Yes, I will probably purchase from a store, but I'm not ruling out online purchase.


----------



## 4meandthem

I am going on my 12th year with my Vermont Castings Grill. It sits out in the weather 24/7. I clean the junk out from the bottom  at least once a year and keep the grills clean and pammed. It is ready for some new parts but I think I would rather spend the money on the parts than a replacement. I just have not found any I like as much. I use a stainless steel cleaner on it and it still looks great.


----------



## pacanis

4meandthem said:


> I am going on my 12th year with my Vermont Castings Grill. It sits out in the weather 24/7. I clean the junk out from the bottom at least once a year and keep the grills clean and pammed. It is ready for some new parts but I think I would rather spend the money on the parts than a replacement. I just have not found any I like as much. I use a stainless steel cleaner on it and it still looks great.


 
How many times/week would you say you used it? 
I'm kind of bummed my Ducane is falling apart, but then when I first got it I lit it probably 8-10/week. Now I'm down to 3-4. Even being SS the body is falling apart.
I've been looking for a new grill myself. Almost thinking of going charcoal so I don't use it as often. Or maybe opting for a $150 wally world special.


----------



## buckytom

firstlt, bring a magnet with you, or check to see how much of your grill is made from 304 (300 series) stainless steel, which is non-magnetic and more rust proof. lots of grill only have a 304 lid, but the rest of the grill is 400 series, the magnetic type, sucseptible to rust.

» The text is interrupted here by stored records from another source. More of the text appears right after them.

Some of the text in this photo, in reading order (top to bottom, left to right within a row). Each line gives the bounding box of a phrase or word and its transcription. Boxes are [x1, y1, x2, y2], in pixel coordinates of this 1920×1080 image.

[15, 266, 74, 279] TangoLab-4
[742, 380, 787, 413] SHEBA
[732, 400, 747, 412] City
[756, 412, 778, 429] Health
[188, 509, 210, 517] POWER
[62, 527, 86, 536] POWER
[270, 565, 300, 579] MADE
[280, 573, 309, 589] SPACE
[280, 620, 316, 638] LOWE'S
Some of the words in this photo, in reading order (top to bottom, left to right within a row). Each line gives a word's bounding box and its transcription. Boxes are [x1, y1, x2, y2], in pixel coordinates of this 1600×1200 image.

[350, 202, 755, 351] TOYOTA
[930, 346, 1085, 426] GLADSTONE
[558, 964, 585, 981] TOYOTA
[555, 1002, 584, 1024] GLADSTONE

some people go as far as to make sure even the rivets and screws are 304, but then you're talking big bucks. if you intend to buy one that'll last 25 years or more of heavy use, then it's worth it.

anothet consideration is the guts. because of the heat, the guts are going to wear out. brass burners (aka venturi tubes) will last longer, but again $$$.

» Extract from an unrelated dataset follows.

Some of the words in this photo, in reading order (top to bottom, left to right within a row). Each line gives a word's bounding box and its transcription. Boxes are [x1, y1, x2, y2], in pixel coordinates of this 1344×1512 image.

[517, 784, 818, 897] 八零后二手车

fortunately, venturi tubes are easy to replace, so you really don't need brass ones (unlike the chief who brags about his at every chance...).

also, depending on your clime and arachnid population, you may want to get a grill that has easily removeable venturi tubes. certain spiders love to build webs inside the tube, so if you see thwt your flame is yellow, not blue,  and not reaching the end of the holes, yoy've got a web. pulling the tubes and jamming a thin stick ir branch to break it up is the easy fix. heat will finish it off.

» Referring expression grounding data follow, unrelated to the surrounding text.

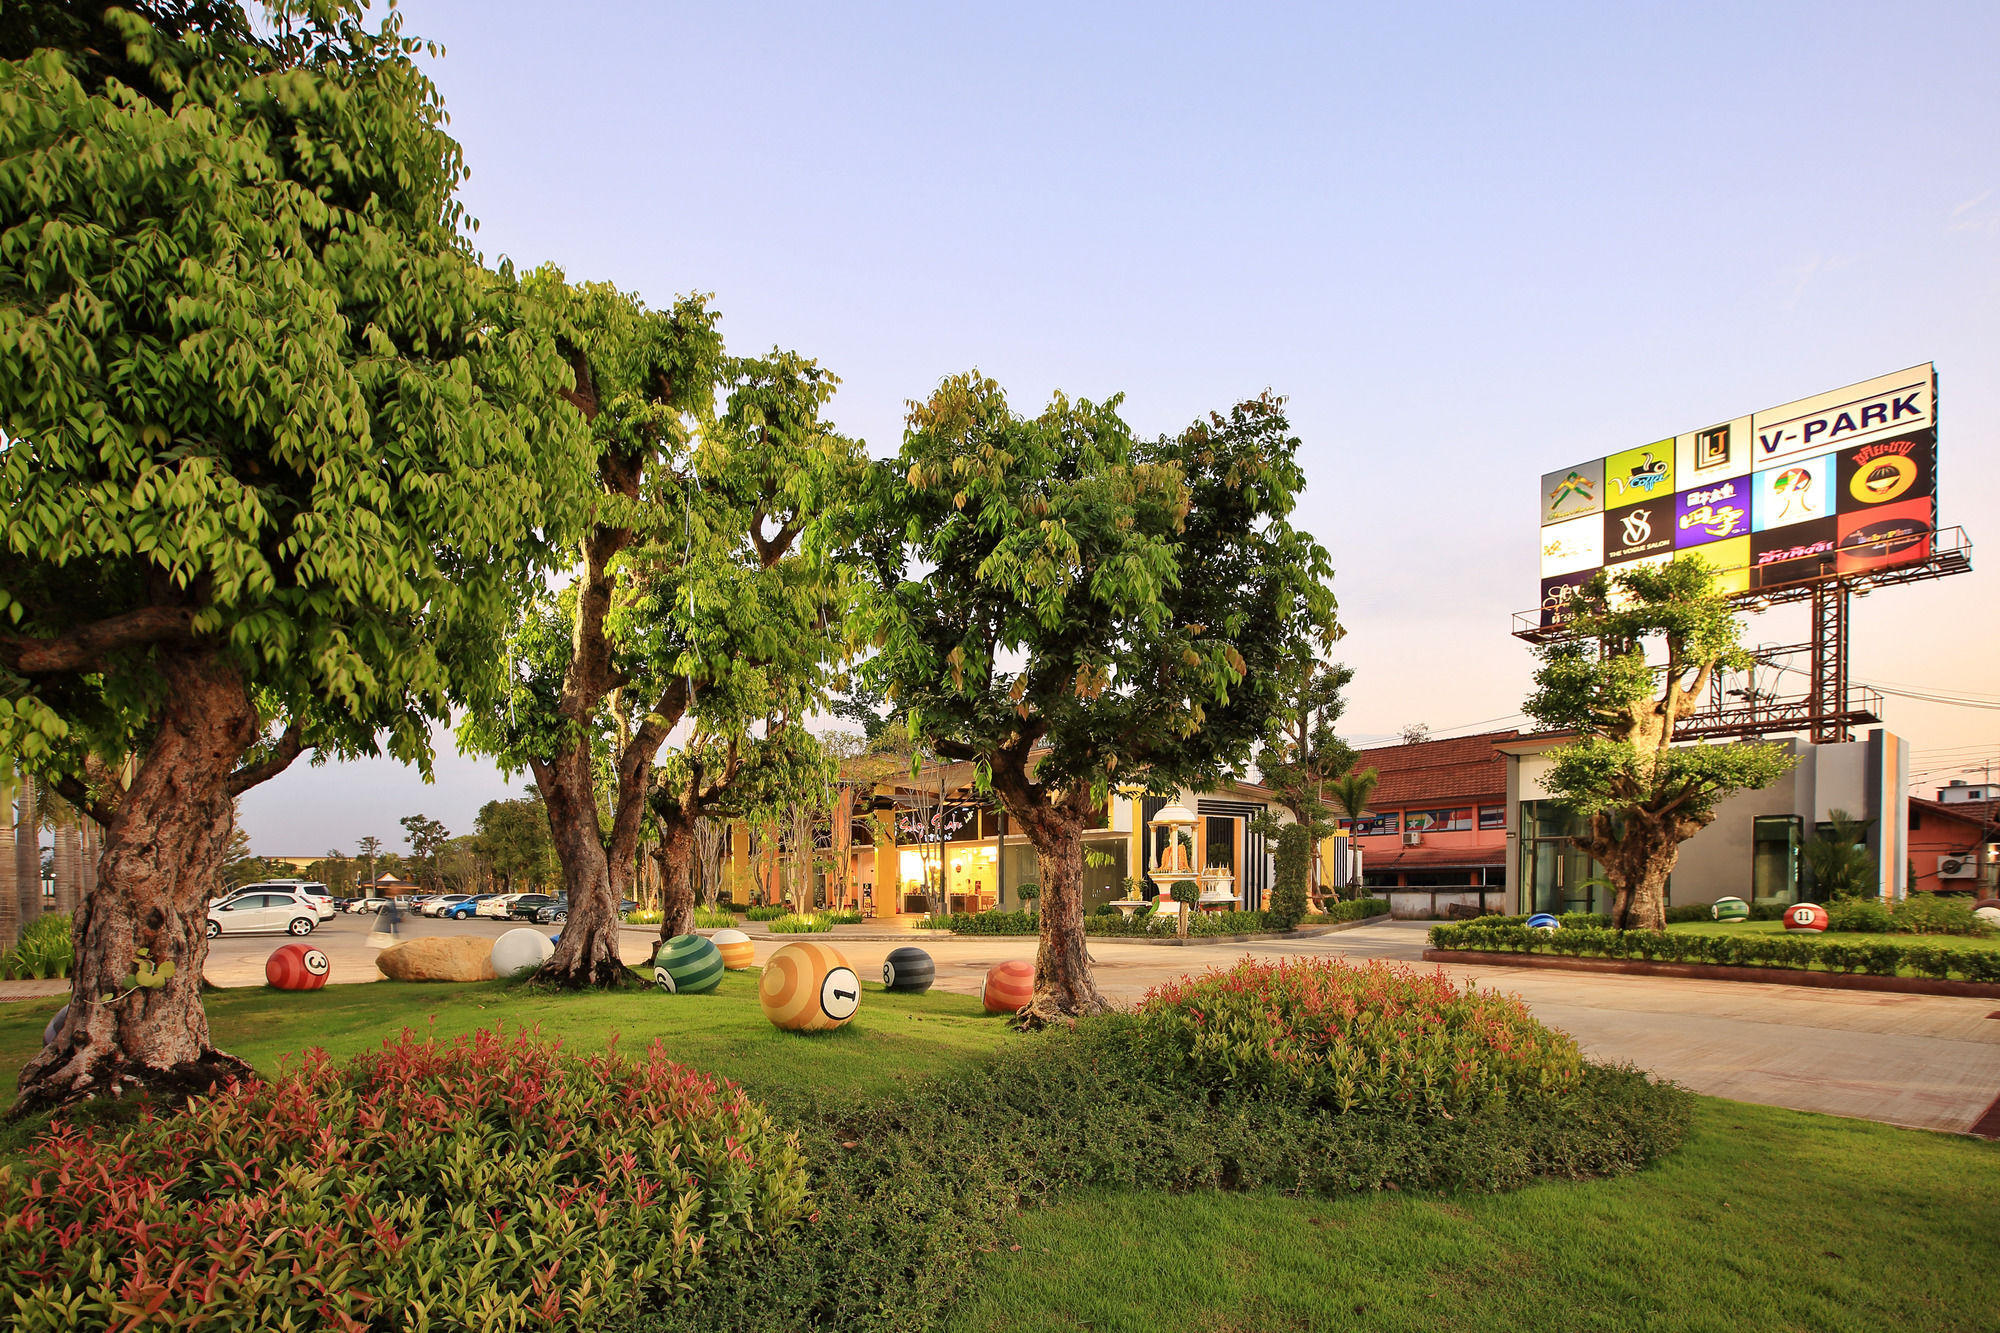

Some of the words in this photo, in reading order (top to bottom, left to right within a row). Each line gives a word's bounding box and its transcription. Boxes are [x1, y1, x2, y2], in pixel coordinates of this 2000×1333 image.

[1759, 391, 1922, 454] V-PARK
[1608, 550, 1623, 558] THE
[1622, 544, 1647, 555] VOGUE
[1646, 539, 1671, 550] SALON
[1797, 911, 1810, 921] 11
[309, 956, 327, 969] 3
[883, 963, 890, 984] 8
[833, 988, 857, 1003] 1

finally, as far as features goes, get one with a searing burner and an a.c. powered rotisserie and rotisserie burner. 

the searing burner is great for charring peppers, cooking high temp foods such as shrimp, calamari, and delicate veggies like asparagus and mushrooms.

battery powered rotisseries are a pita to have to deal with the batteries, and often don't have enough torque to rotate heavier and asymmetrical cuts of meat evenly.

one more thing: unless you intend to roll your grill in and out of a garage every time you use it (in which case you'll need to check the gas connections in and out of the regulator and the flow through the venturies), invest in a good cover.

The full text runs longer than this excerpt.